Madame, avec quel front faut-il que je m’avance,

Quand je viens vous offrir l’odieuse présence…

Done Elvire

Prince, ne parlons plus de mon ressentiment:

Votre sort dans mon âme a fait du changement,

Et par le triste état où sa rigueur vous jette

Ma colère est éteinte, et notre paix est faite.

Oui, bien que votre amour ait mérité les coups

Que fait sur lui du Ciel éclater le courroux,

Bien que ses noirs soupçons aient offensé ma gloire

Par des indignités qu’on aurait peine à croire,

J’avouerai toutefois que je plains son malheur

Jusqu’à voir nos succès avec quelque douleur,

Que je hais les faveurs de ce fameux service

Lorsqu’on veut de mon coeur lui faire un sacrifice,

Et voudrais bien pouvoir racheter les moments

Où le sort contre vous n’armait que mes serments.

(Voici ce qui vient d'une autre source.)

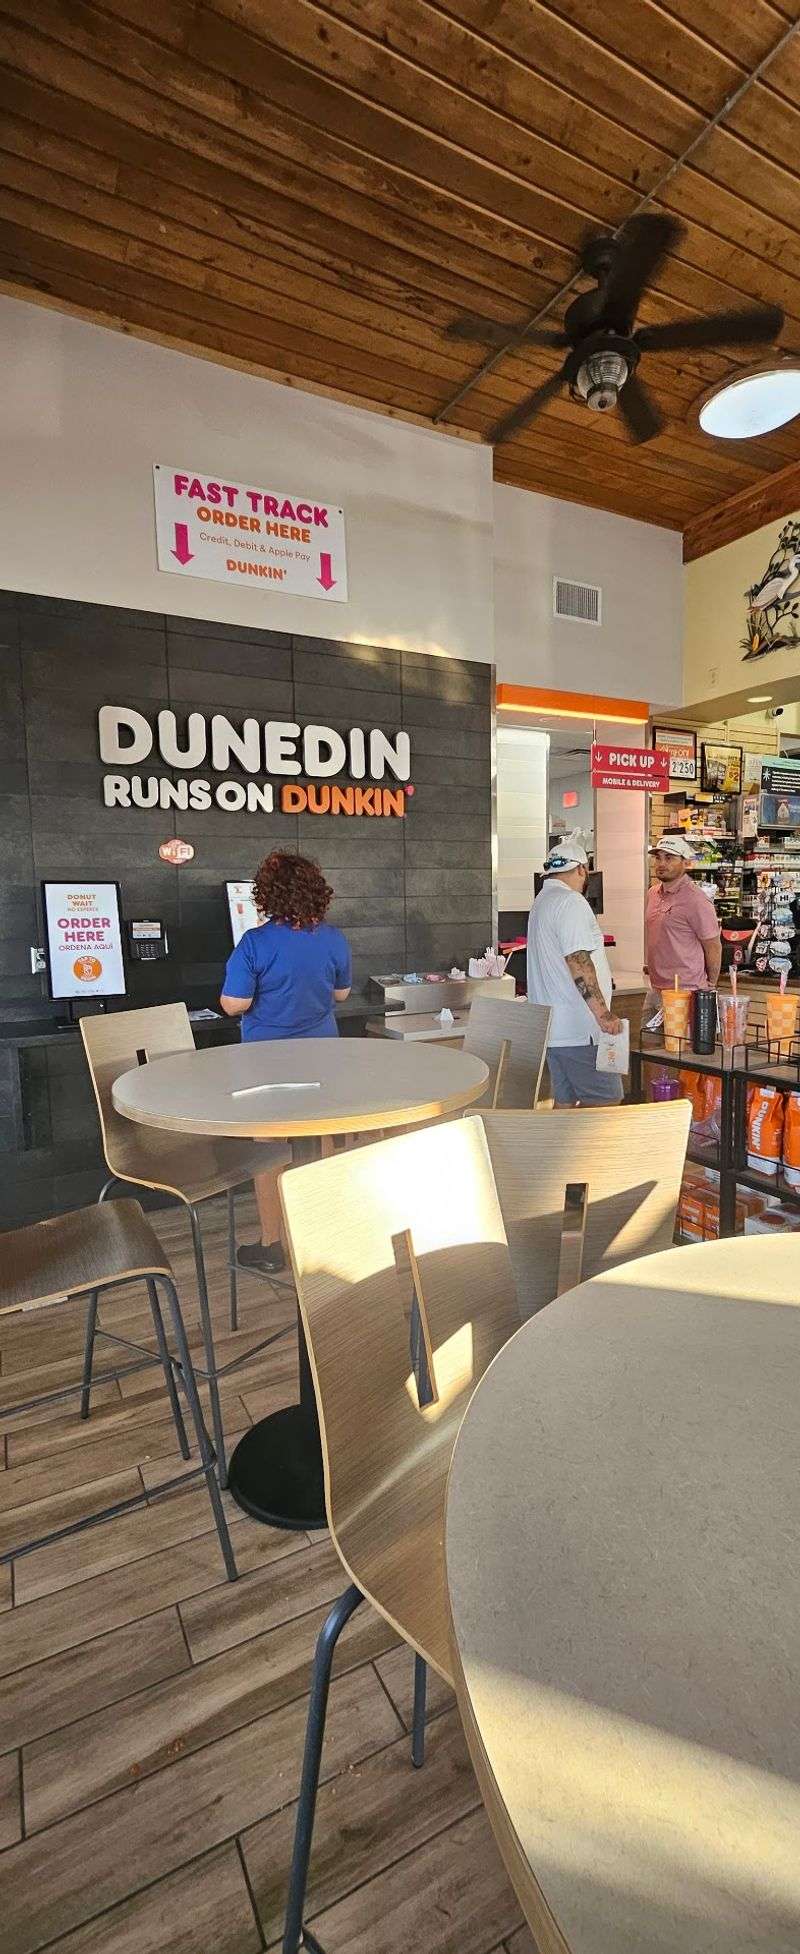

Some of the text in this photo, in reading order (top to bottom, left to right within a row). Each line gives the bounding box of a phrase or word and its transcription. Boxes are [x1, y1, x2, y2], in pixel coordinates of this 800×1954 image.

Mais enfin vous savez comme nos destinées

Aux intérêts publics sont toujours enchaînées,

Et que l’ordre des Cieux, pour disposer de moi,

Dans mon frère qui vient me va montrer mon roi.

Cédez comme moi, Prince, à cette violence

Où la grandeur soumet celles de ma naissance;

Et si de votre amour les déplaisirs sont grands,

Qu’il se fasse un secours de la part que j’y prends,

Et ne se serve point contre un coup qui l’étonne

Du pouvoir qu’en ces lieux votre valeur vous donne:

Ce vous serait sans doute un indigne transport

De vouloir dans vos maux lutter contre le sort;

Et lorsque c’est en vain qu’on s’oppose à sa rage,

La soumission prompte est grandeur de courage.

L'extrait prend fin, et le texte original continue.